Zuwanderung mit Maß und Ziel

Mit Maß: Das heißt, nur so viele und nur jene dürfen einwandern und auf Dauer hierbleiben, die Österreich braucht, und nur solche, die sich rasch (sprachlich, in den Arbeitsmarkt und auch sonst) integrieren und die unsere Sozialstandards stützen und nicht gefährden werden. Die anderen, denen wir Schutz vor Verfolgung oder Kriegsterror geben, müssen heimkehren, wenn der Schutzgrund wegfällt. Illegale Wirtschaftsflüchtlinge sollten überhaupt so rasch wie möglich abgeschoben werden.

Mit Ziel: Das heißt, es sollte ein Konzept geben, welches die Kriterien für die Zuwanderung festlegt. Hierbei wären Schulbildung, Berufsausbildung und Integrationswilligkeit zu fordern. Der Umstand, dass jemand nach Österreich eingereist ist, sollte keineswegs schon bedeuten, dass er auf Dauer hierbleiben darf.

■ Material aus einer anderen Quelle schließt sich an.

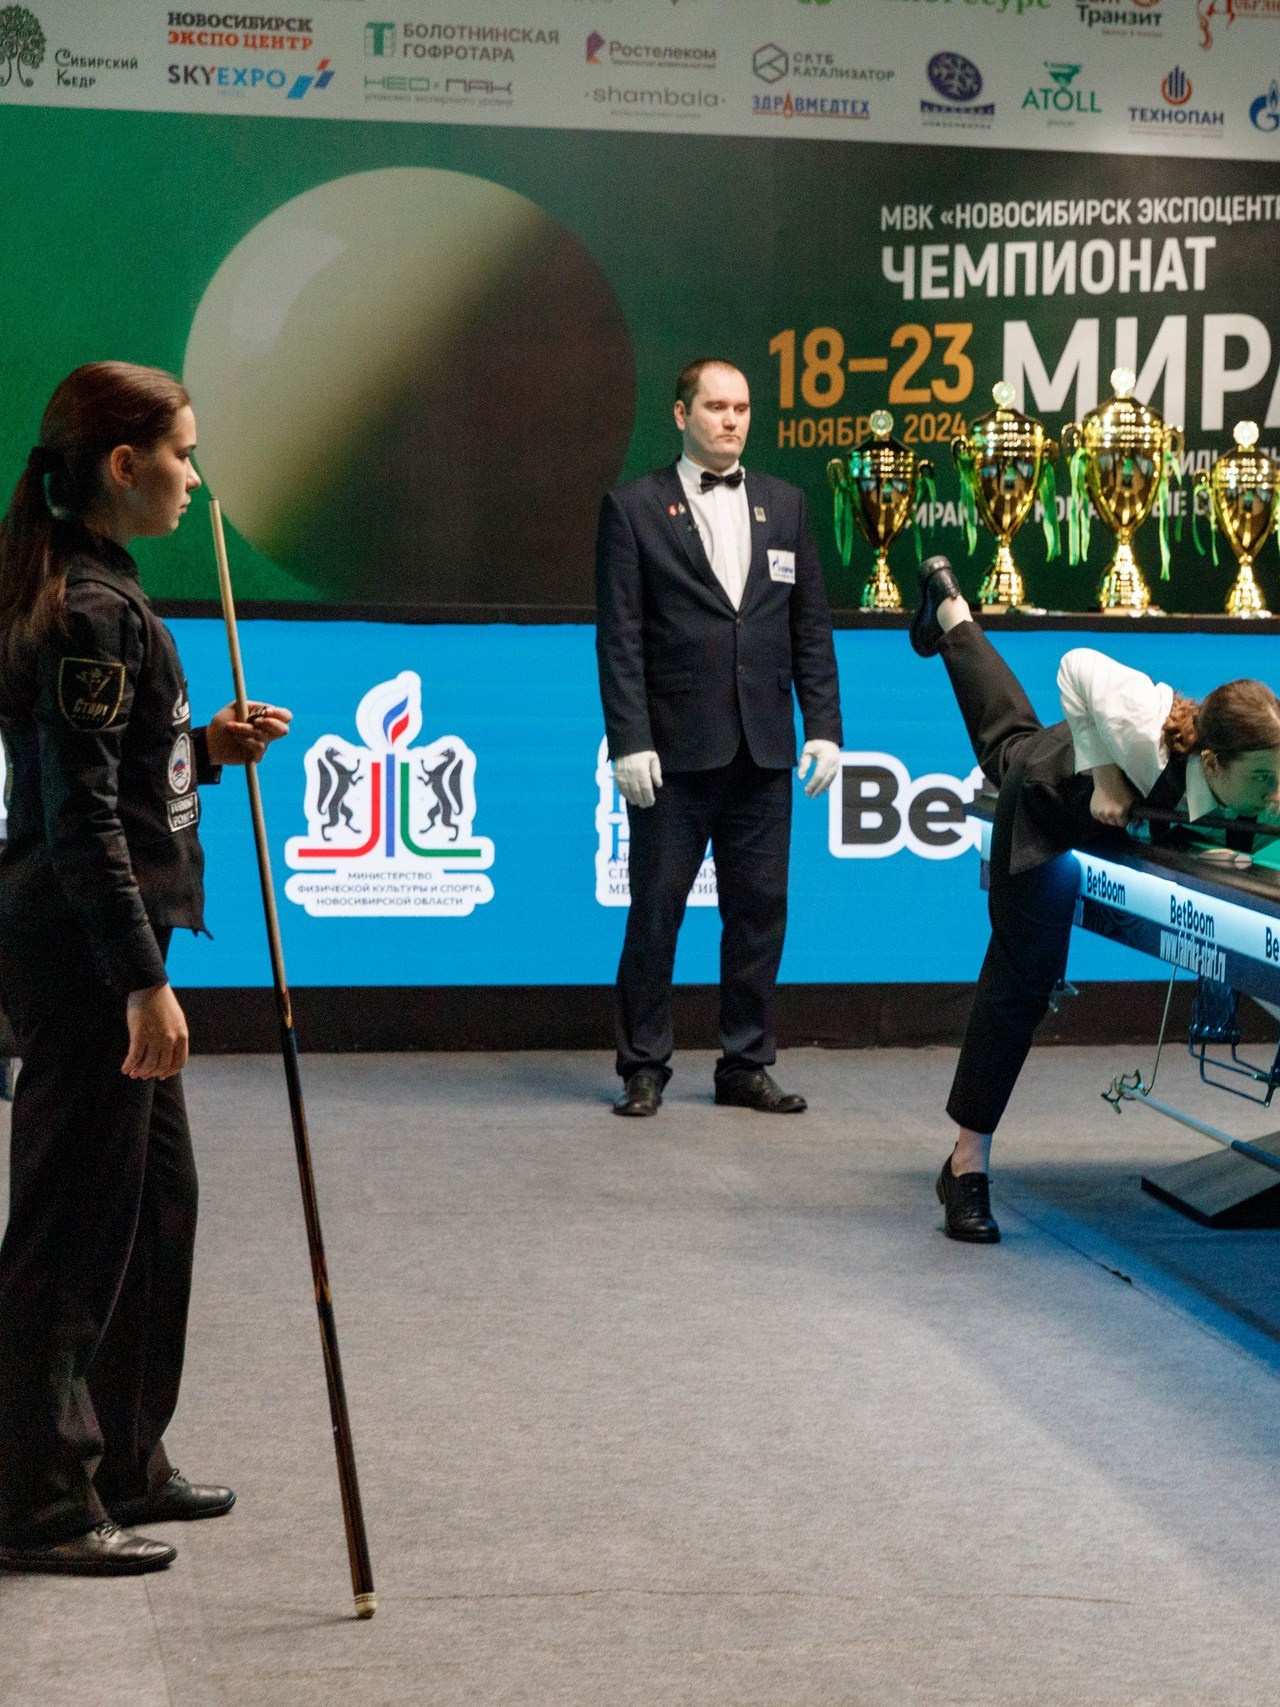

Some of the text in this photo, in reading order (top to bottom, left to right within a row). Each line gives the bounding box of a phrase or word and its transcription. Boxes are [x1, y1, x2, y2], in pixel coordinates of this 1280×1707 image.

[167, 11, 313, 33] НОВОСИБИРСК
[1076, 4, 1162, 27] Транзит
[403, 23, 560, 45] БОЛОТНИНСКАЯ
[403, 43, 516, 63] ГОФРОТАРА
[609, 40, 717, 60] Ростелеком
[168, 64, 287, 89] SKYEXPO
[793, 64, 896, 82] КАТАЛИЗАТОР
[752, 89, 870, 117] ЗДРАВМЕДТЕХ
[1021, 86, 1103, 114] ATOLL
[1128, 106, 1226, 127] ТЕХНОПАН
[880, 204, 934, 231] МВК
[940, 198, 1132, 230] «НОВОСИБИРСК
[882, 235, 1217, 300] ЧЕМПИОНАТ
[777, 413, 968, 449] НОЯБР 2024
[347, 871, 433, 881] МИНИСТЕРСТВО
[1087, 866, 1125, 906] BetBoom
[297, 884, 482, 894] ФИЗИЧЕСКОЙ КУЛЬТУРЫ И СПОРТА
[316, 897, 463, 907] НОВОСИБИРСКОЙ ОБЛАСТИ
[1170, 895, 1215, 938] BetBoom

Präsident, Regierung und Parlament sollten ein solches Konzept festlegen und garantieren. Interessant wäre zu erfahren, was die Präsidentschaftskandidaten zu diesem Thema zu sagen haben.

Dr. Peter Lang,

1200 Wien

Zum Gastkommentar von Jörg Wojahn, 12. April

Nationale Regierungen und internationale Konzerne

Internationale Handelsabkommen erleichtern den internationalen Handel. Das ist prinzipiell einmal etwas Gutes. Allerdings:

1. Wer von dem Wirtschaftswachstum profitiert und wohin der Gewinn fließt, ist dabei eine wichtige Frage und Thema der Politik und nicht der Wirtschaft. Es gehört in der Gesamtbetrachtung dazu. Ebenso gehört dazu, dass ein globalisierter Handel nicht mehr durch nationale Regierungen gesteuert werden kann. Das führt aber insgesamt zu einigen gesellschaftlichen Problemen, auf die unsere heutigen Regierungen keine Antwort geben können.

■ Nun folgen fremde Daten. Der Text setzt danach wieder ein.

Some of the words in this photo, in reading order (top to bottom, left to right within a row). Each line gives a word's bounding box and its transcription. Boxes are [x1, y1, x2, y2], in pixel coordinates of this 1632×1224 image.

2. Bisher war noch kein Handelsabkommen geheim und musste hinter verschlossenen Türen - versteckt vor nationalen Parlamenten - verhandelt werden. Bisher ging es auch bei Handelsabkommen nicht darum, die Waagschale der Machtverteilung zwischen gewinnorientierten Großunternehmen und Konsumentenschutz sowie zwischen gewinnorientierten Großunternehmern und Nationalregierungen und zwischen gewinnorientierten Großunternehmern und Kleinunternehmen zugunsten der Großunternehmen zu stärken.

"Alle Macht den Konzernzentralen" verspricht keine hoffnungsvolle Zukunft.

Gerald Zemann,

per E-Mail

Zur Glosse von Hilde Weiss, 5. Jänner

Wortschatz zu Rundungen

Ihr Artikel hat mir sehr gut gefallen. Da habe ich wirklich etwas gelernt. Was gäbe ich darum, Ihr Wissen zu besitzen. Mich hat die Etymologie schon immer fasziniert. Ortsnamen, Flurnamen, Begriffe des täglichen Gebrauches und deren Herkunft. Ein wirklich spannendes Thema!

Werner A. Prochazka,

1050 Wien

Zum Artikel von Reinhard Göweil, 9. April

Schuldenschnitt für Heta/Hypo-Anleihen

Ich bedanke mich für den informativen Artikel, der die Lage sehr gut zusammenfasst.